Task description
Please retype the entries that follow exactly as they are, leaving the images behind.

*** Opening of Input material ***

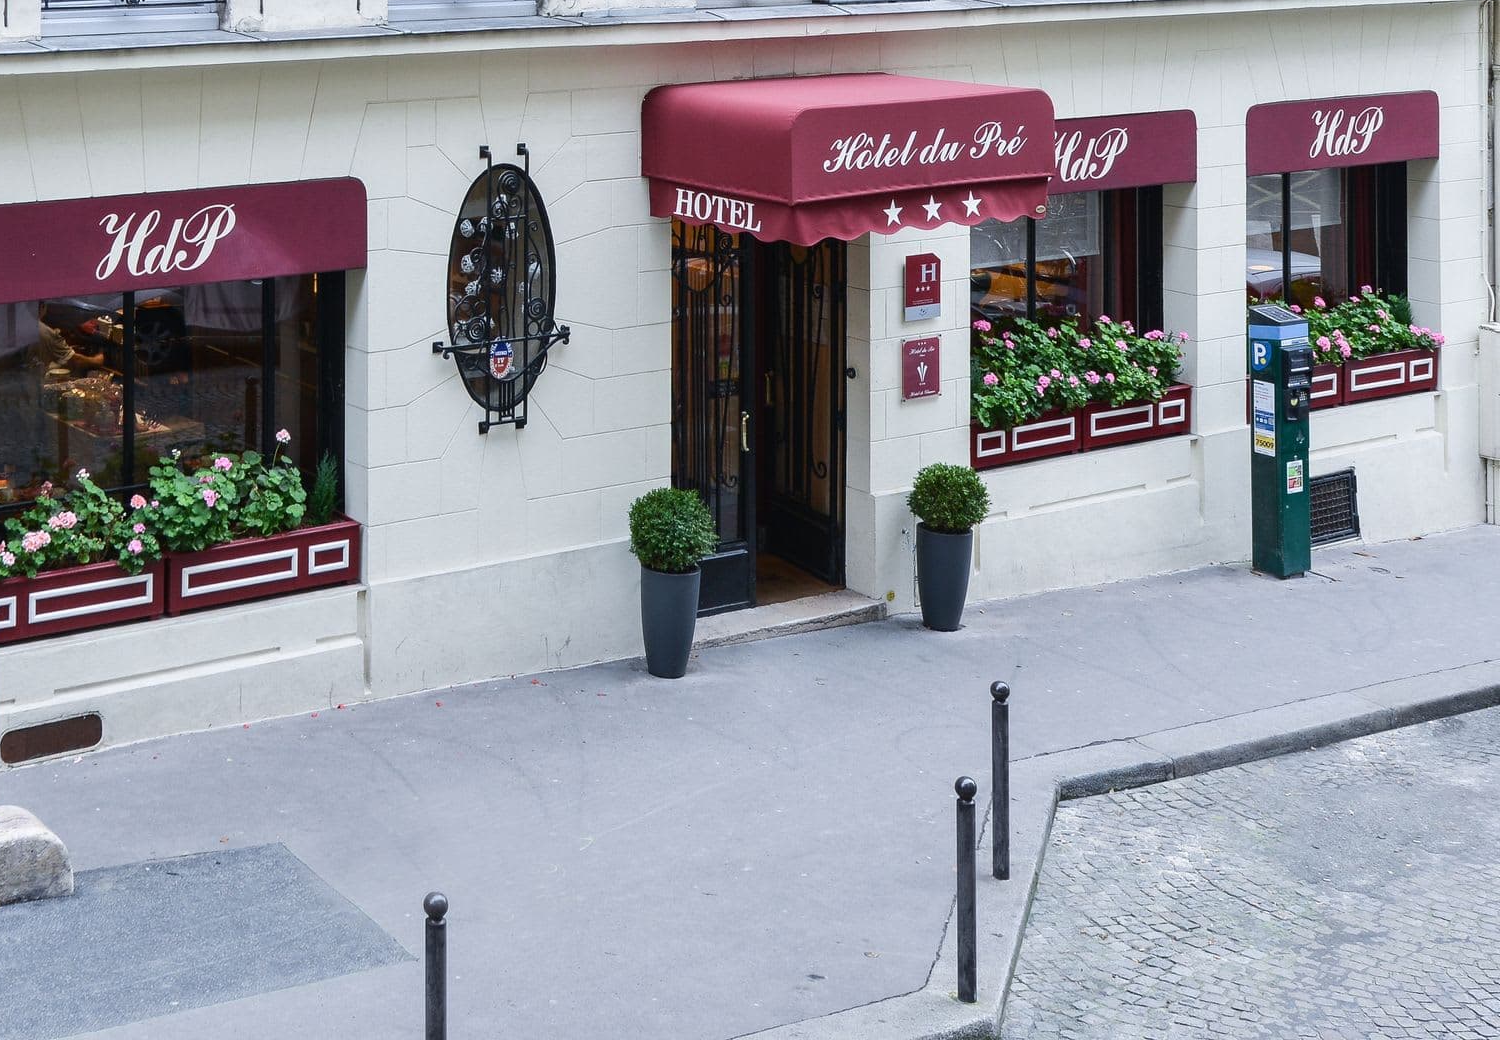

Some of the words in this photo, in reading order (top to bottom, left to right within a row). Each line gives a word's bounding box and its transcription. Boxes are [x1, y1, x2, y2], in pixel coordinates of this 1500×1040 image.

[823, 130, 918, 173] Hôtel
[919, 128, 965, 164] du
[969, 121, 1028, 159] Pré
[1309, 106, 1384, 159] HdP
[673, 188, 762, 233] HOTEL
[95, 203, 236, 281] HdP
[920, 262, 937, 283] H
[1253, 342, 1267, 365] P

*** Close of Input material ***

Solution for this exercise
Some of the words in this photo, in reading order (top to bottom, left to right within a row). Each line gives a word's bounding box and its transcription. Boxes are [x1, y1, x2, y2], in pixel coordinates of this 1500×1040 image.

[823, 130, 918, 173] Hôtel
[919, 128, 965, 164] du
[969, 121, 1028, 159] Pré
[1309, 106, 1384, 159] HdP
[673, 188, 762, 233] HOTEL
[95, 203, 236, 281] HdP
[920, 262, 937, 283] H
[1253, 342, 1267, 365] P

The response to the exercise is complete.